[Task goal]
What is needed is an exact copy of the data below, pictures excluded.

***** Material provided

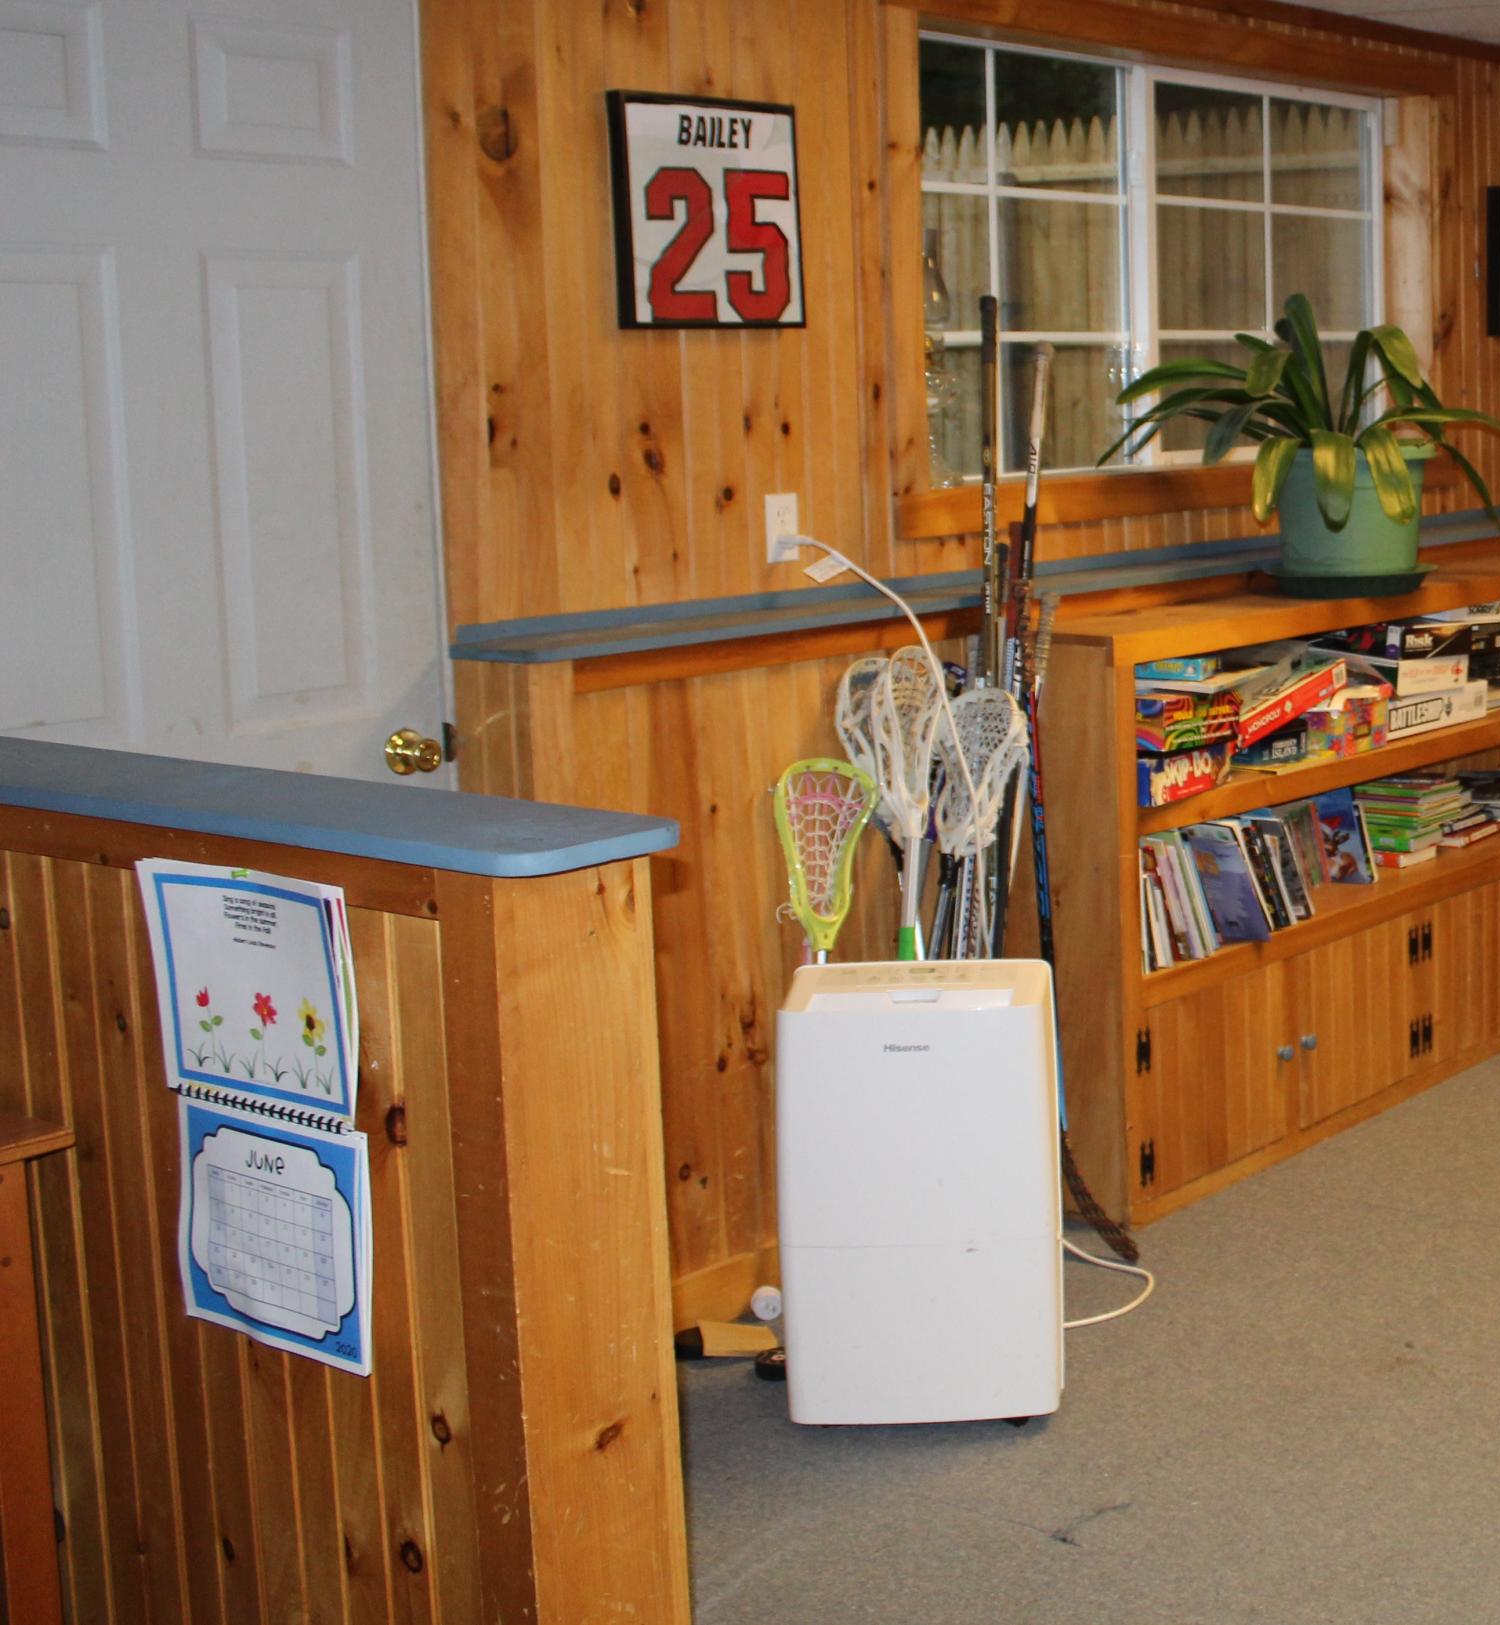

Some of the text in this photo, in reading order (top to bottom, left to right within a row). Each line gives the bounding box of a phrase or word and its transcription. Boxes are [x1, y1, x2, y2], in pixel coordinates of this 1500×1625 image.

[677, 114, 752, 149] BAILEY
[644, 166, 790, 322] 25
[983, 482, 993, 566] EASTON
[1247, 707, 1282, 733] MONOPOLY
[883, 1043, 930, 1052] Hisense
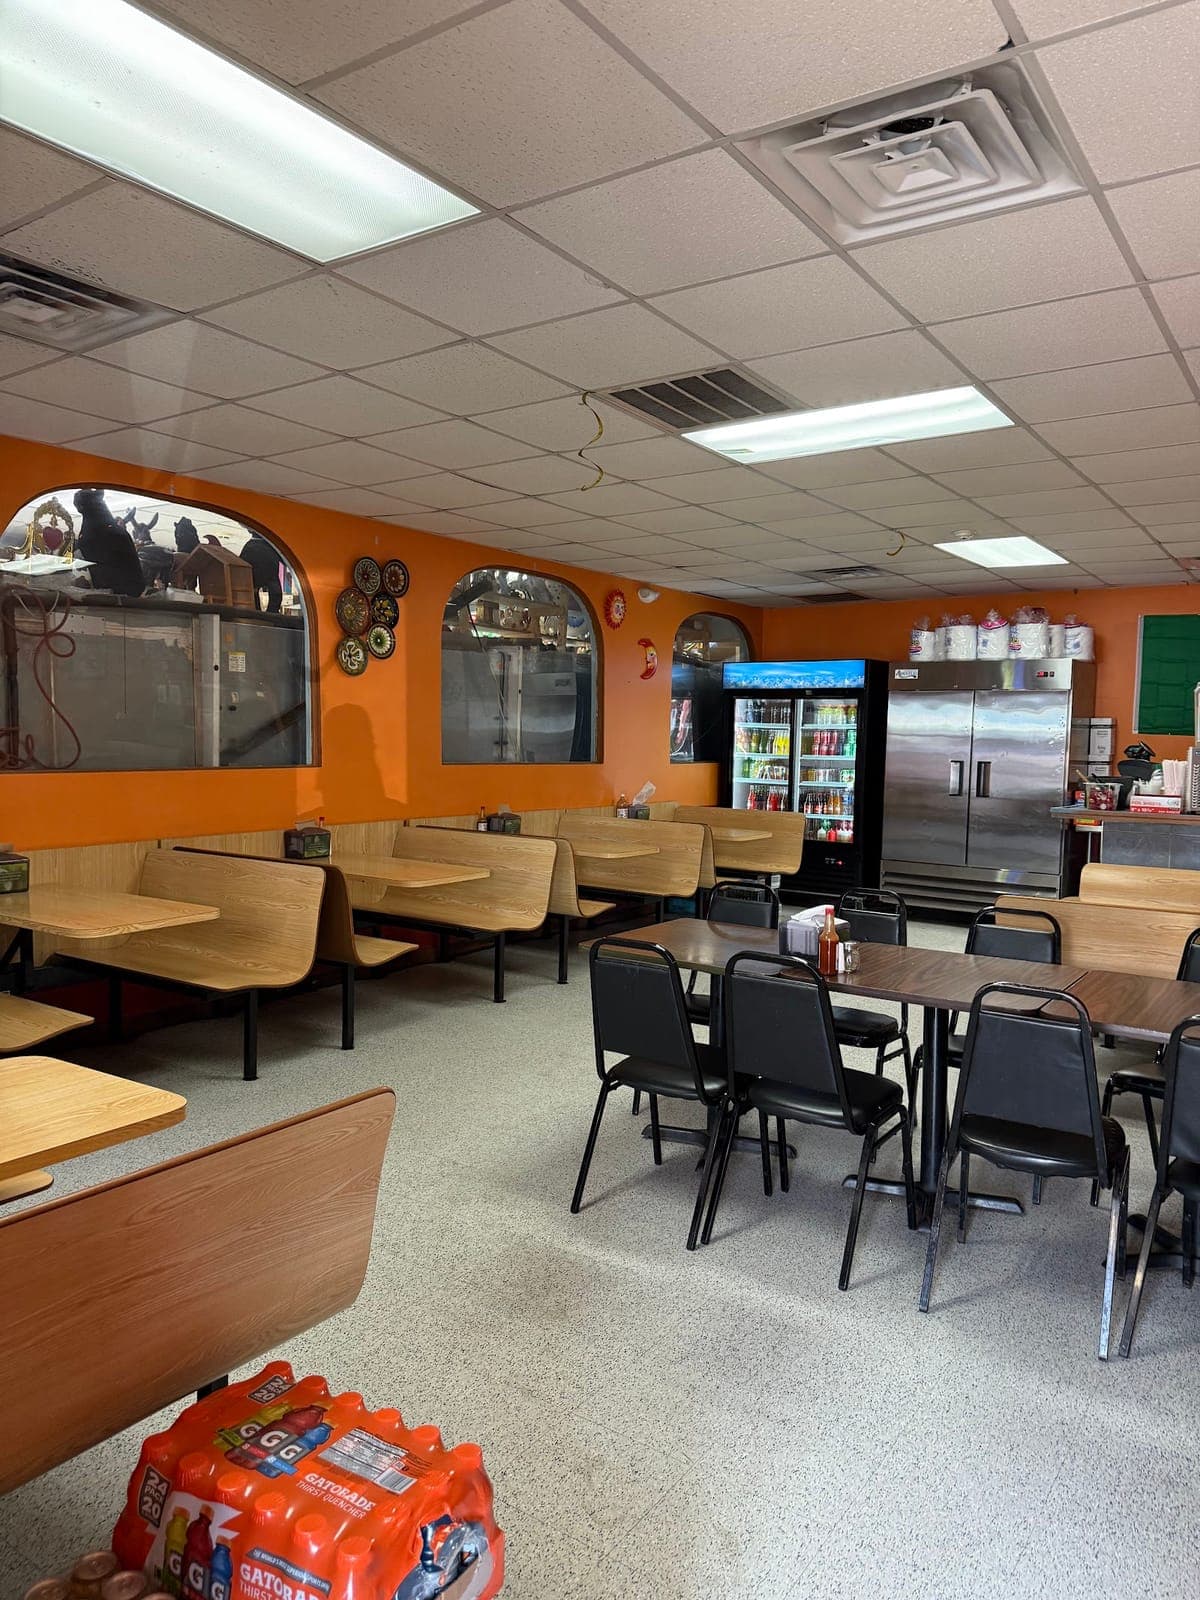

**********

[Result below]
Some of the text in this photo, in reading order (top to bottom, left to right within a row). Each line gives the bounding box of a phrase or word and its transcription. Boxes are [x1, y1, x2, y2], in pixel coordinates of this 1500×1625 image.

[677, 114, 752, 149] BAILEY
[644, 166, 790, 322] 25
[983, 482, 993, 566] EASTON
[1247, 707, 1282, 733] MONOPOLY
[883, 1043, 930, 1052] Hisense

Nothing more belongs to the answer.